EXERCISE INPUTS Start Marker
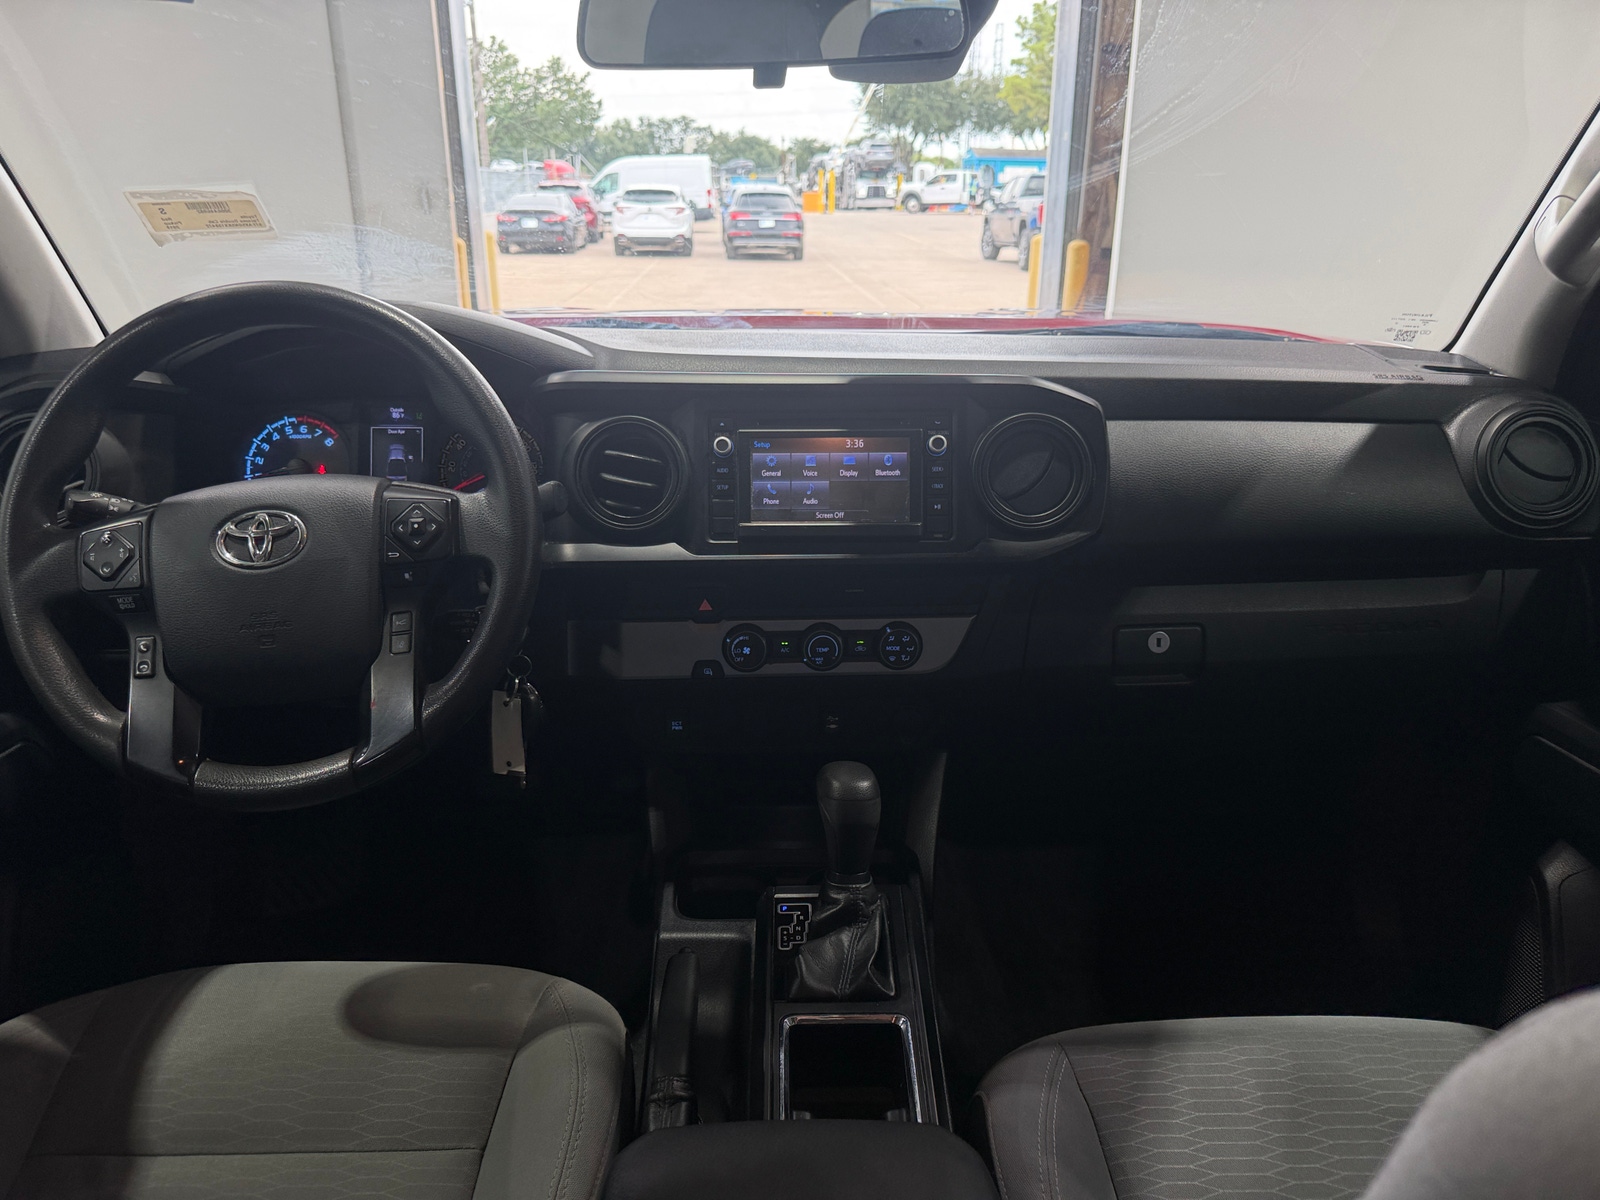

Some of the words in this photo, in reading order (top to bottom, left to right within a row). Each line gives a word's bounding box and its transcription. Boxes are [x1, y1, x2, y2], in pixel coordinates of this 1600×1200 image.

[285, 426, 293, 435] 5
[300, 425, 308, 433] 6
[314, 428, 323, 437] 7
[272, 432, 280, 441] 4
[324, 437, 334, 447] 8
[456, 439, 466, 450] 40
[753, 441, 771, 449] Setup
[845, 439, 864, 448] 3:36
[261, 442, 270, 452] 3
[255, 456, 264, 465] 2
[448, 461, 456, 472] 20
[761, 469, 782, 477] General
[802, 469, 818, 477] Voice
[839, 469, 859, 478] Display
[875, 469, 901, 477] Bluetooth
[762, 497, 780, 505] Phone
[802, 497, 818, 505] Audio
[815, 511, 833, 519] Screen
[834, 511, 845, 519] Off
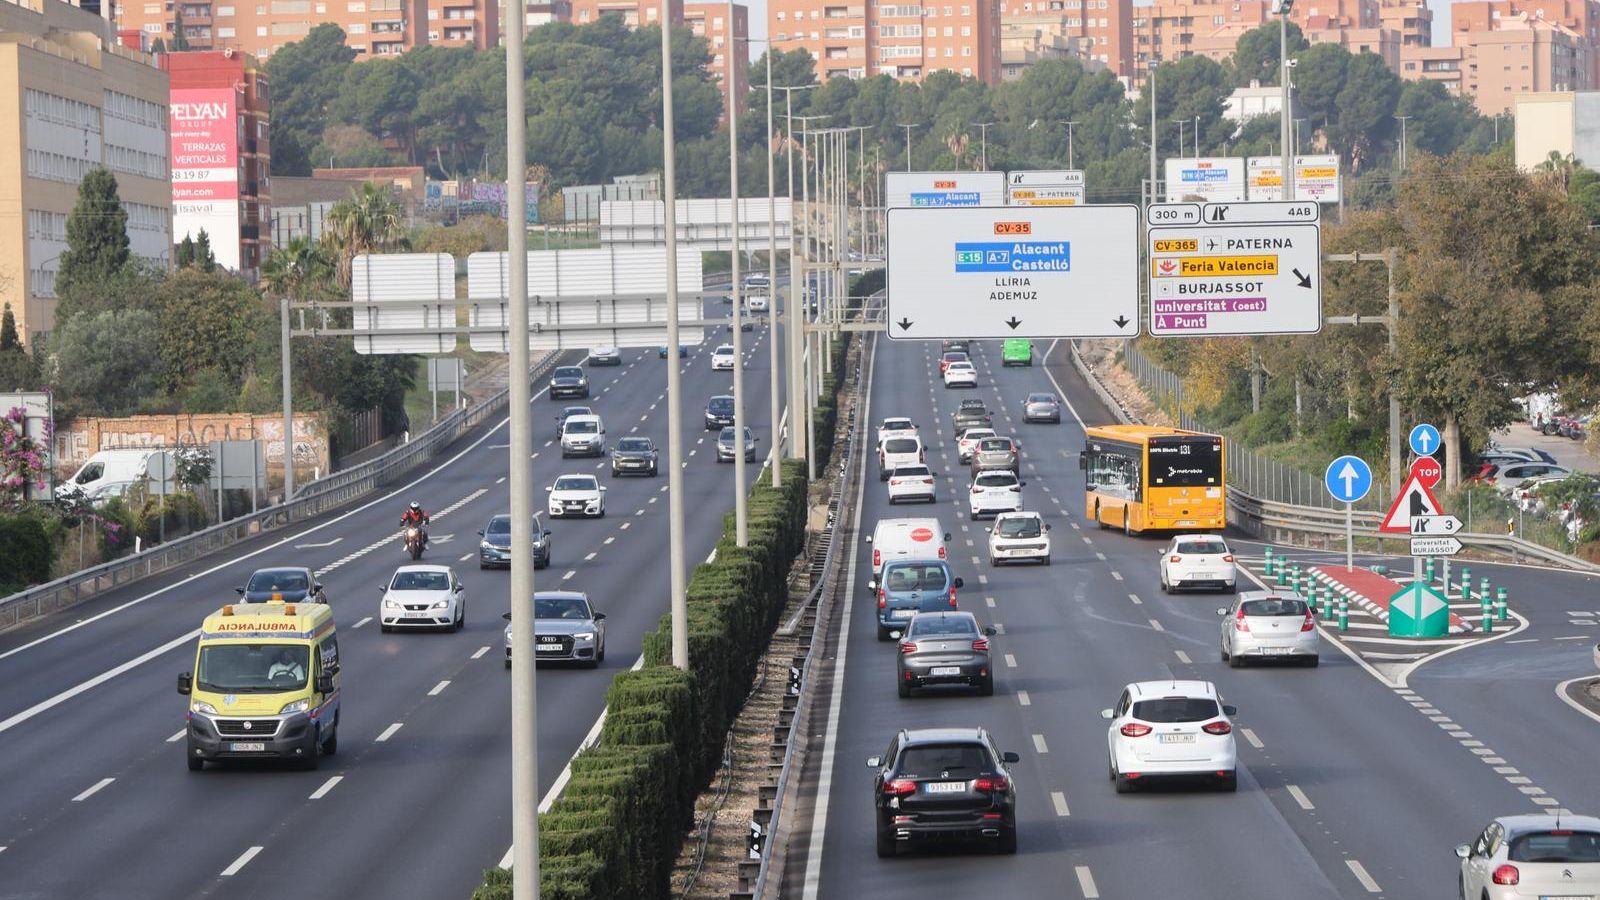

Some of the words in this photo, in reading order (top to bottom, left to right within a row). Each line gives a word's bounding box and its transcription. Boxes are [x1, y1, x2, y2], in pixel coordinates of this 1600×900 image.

[182, 142, 226, 152] TERRAZAS
[175, 154, 227, 164] VERTICALES
[184, 171, 195, 180] 19
[197, 170, 209, 180] 87
[172, 187, 214, 198] lyan.com
[1155, 211, 1177, 219] 300
[1288, 207, 1311, 216] 4AB
[995, 224, 1029, 233] CV-35
[1013, 244, 1065, 254] Alacant
[1155, 241, 1196, 250] CV-365
[1227, 238, 1293, 249] PATERNA
[957, 252, 981, 262] E-15
[989, 252, 1008, 262] A-7
[1012, 259, 1068, 271] Castelló
[1182, 262, 1214, 272] Feria
[1218, 260, 1275, 271] Valencia
[995, 276, 1031, 287] LLÍRIA
[1178, 282, 1264, 294] BURJASSOT
[989, 291, 1038, 300] ADEMUZ
[1156, 300, 1227, 312] universitat
[1232, 302, 1265, 311] (oest)
[1157, 315, 1167, 328] À
[1174, 317, 1206, 328] Punt
[1445, 520, 1453, 530] 3
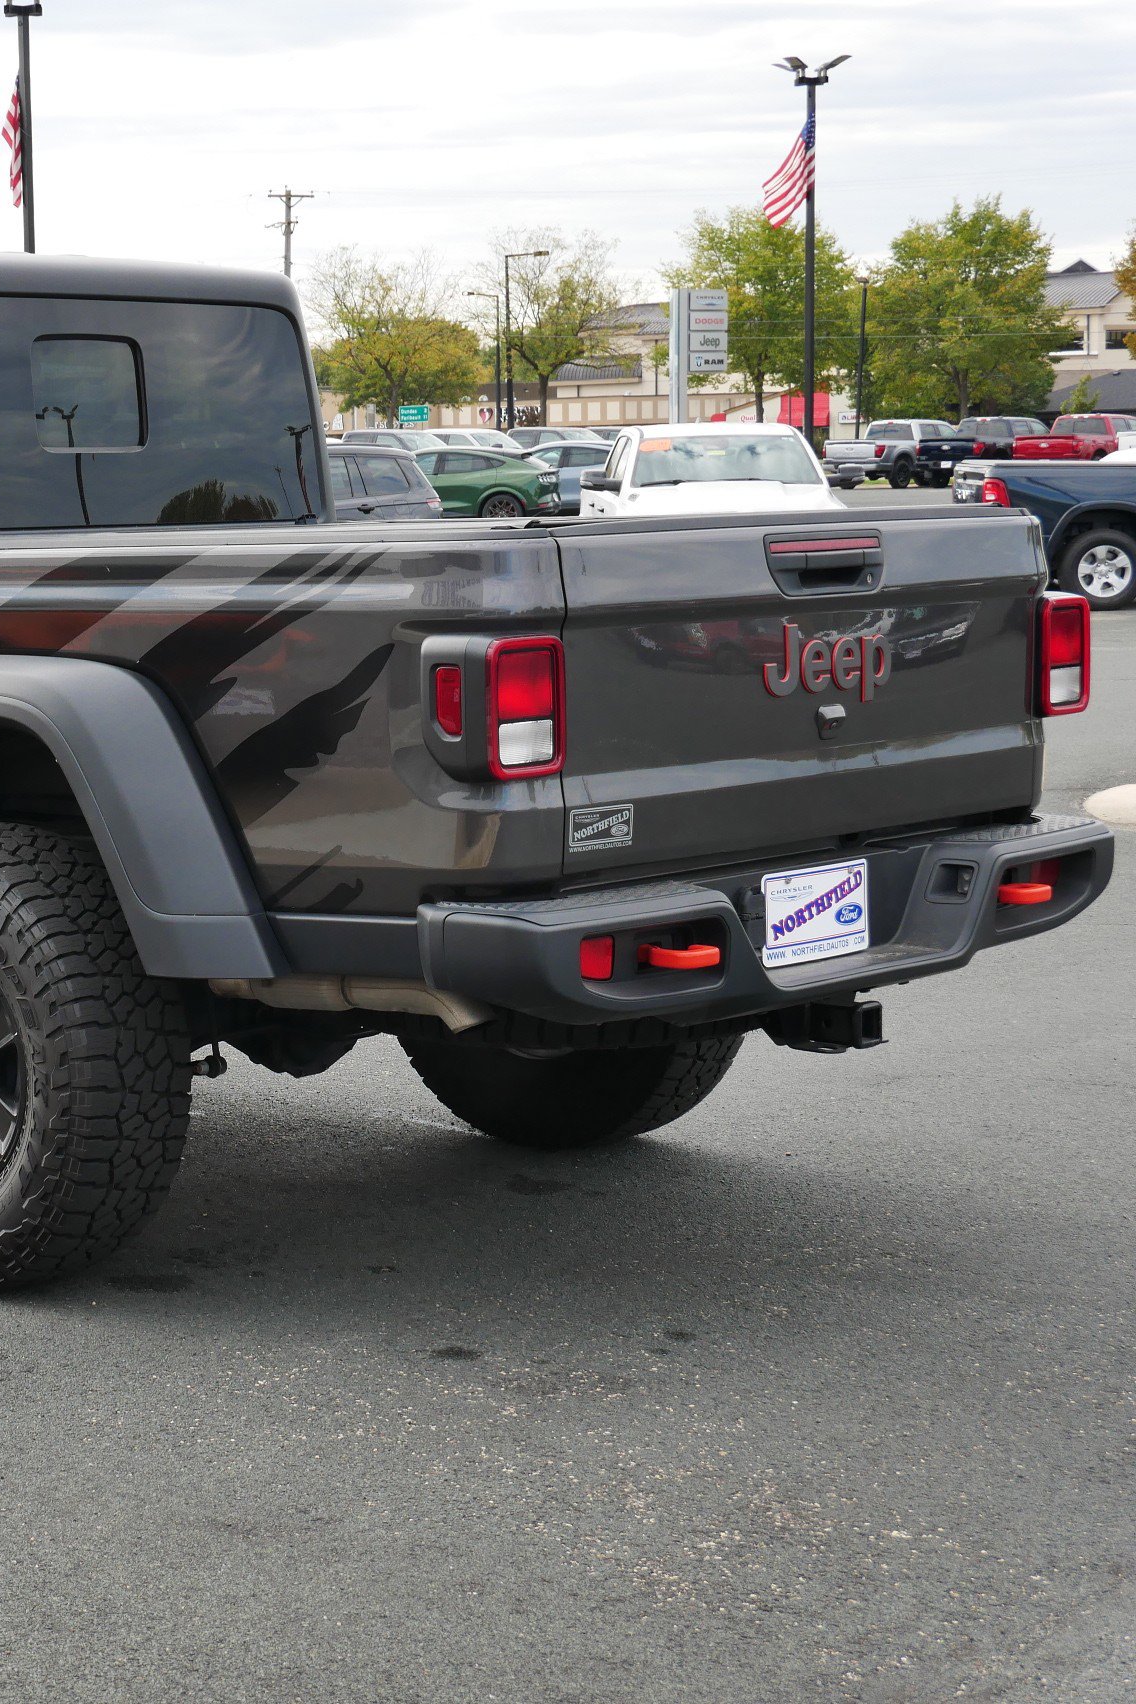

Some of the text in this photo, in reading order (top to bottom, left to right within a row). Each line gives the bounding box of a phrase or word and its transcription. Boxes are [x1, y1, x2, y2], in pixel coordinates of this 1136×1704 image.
EXERCISE INPUTS End Marker
• _TASK_
Leaving out the pictures, please transcribe exactly the lines from the one that holds "this 1600×900 image." through the last line of the entries above, both included.

• _TASK SOLUTION_
Some of the words in this photo, in reading order (top to bottom, left to right within a row). Each line gives a word's bounding box and its transcription. Boxes are [x1, y1, x2, y2], in pixel coordinates of this 1600×900 image.

[182, 142, 226, 152] TERRAZAS
[175, 154, 227, 164] VERTICALES
[184, 171, 195, 180] 19
[197, 170, 209, 180] 87
[172, 187, 214, 198] lyan.com
[1155, 211, 1177, 219] 300
[1288, 207, 1311, 216] 4AB
[995, 224, 1029, 233] CV-35
[1013, 244, 1065, 254] Alacant
[1155, 241, 1196, 250] CV-365
[1227, 238, 1293, 249] PATERNA
[957, 252, 981, 262] E-15
[989, 252, 1008, 262] A-7
[1012, 259, 1068, 271] Castelló
[1182, 262, 1214, 272] Feria
[1218, 260, 1275, 271] Valencia
[995, 276, 1031, 287] LLÍRIA
[1178, 282, 1264, 294] BURJASSOT
[989, 291, 1038, 300] ADEMUZ
[1156, 300, 1227, 312] universitat
[1232, 302, 1265, 311] (oest)
[1157, 315, 1167, 328] À
[1174, 317, 1206, 328] Punt
[1445, 520, 1453, 530] 3

Some of the text in this photo, in reading order (top to bottom, left to right within a row). Each line gives the bounding box of a phrase or word and its transcription. Boxes are [x1, y1, x2, y2], in pixel coordinates of this 1136×1704 image.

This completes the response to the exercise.